> **PROBLEM DETAILS**:
Apart from the images, every record here needs to be copied exactly.

> **SUPPLIED MATERIAL**:

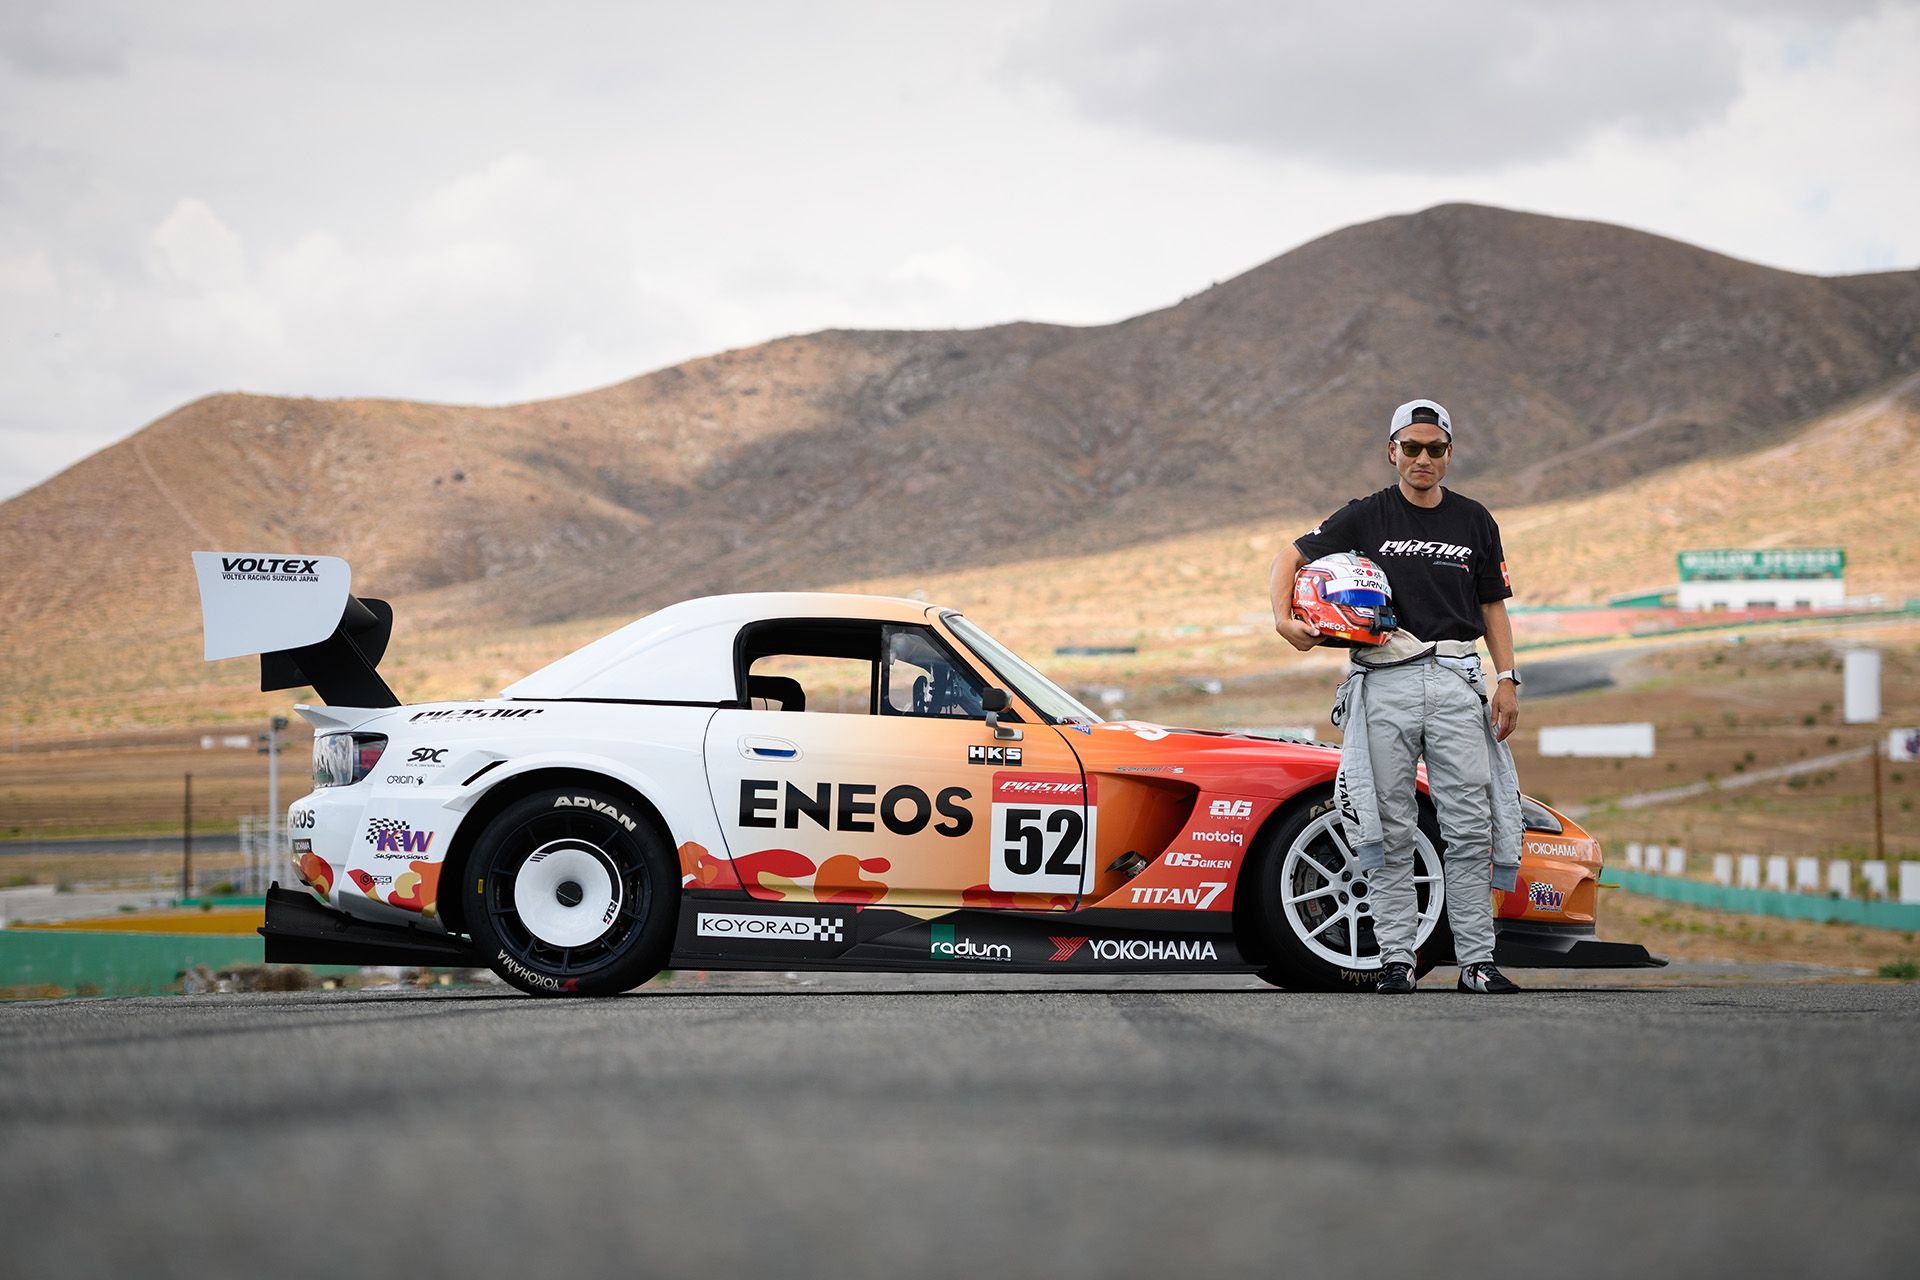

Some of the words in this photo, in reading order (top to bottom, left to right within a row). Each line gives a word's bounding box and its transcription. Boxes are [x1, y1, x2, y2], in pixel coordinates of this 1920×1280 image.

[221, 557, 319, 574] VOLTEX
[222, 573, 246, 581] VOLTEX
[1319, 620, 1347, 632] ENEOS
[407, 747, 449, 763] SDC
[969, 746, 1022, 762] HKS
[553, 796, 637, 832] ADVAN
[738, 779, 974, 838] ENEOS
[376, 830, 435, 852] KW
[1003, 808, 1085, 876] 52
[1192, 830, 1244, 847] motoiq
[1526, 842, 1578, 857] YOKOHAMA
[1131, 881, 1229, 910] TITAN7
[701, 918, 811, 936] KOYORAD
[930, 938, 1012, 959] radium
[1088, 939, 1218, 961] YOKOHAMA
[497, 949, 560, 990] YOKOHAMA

> **EXERCISE SOLUTION**:
Some of the words in this photo, in reading order (top to bottom, left to right within a row). Each line gives a word's bounding box and its transcription. Boxes are [x1, y1, x2, y2], in pixel coordinates of this 1920×1280 image.

[221, 557, 319, 574] VOLTEX
[222, 573, 246, 581] VOLTEX
[1319, 620, 1347, 632] ENEOS
[407, 747, 449, 763] SDC
[969, 746, 1022, 762] HKS
[553, 796, 637, 832] ADVAN
[738, 779, 974, 838] ENEOS
[376, 830, 435, 852] KW
[1003, 808, 1085, 876] 52
[1192, 830, 1244, 847] motoiq
[1526, 842, 1578, 857] YOKOHAMA
[1131, 881, 1229, 910] TITAN7
[701, 918, 811, 936] KOYORAD
[930, 938, 1012, 959] radium
[1088, 939, 1218, 961] YOKOHAMA
[497, 949, 560, 990] YOKOHAMA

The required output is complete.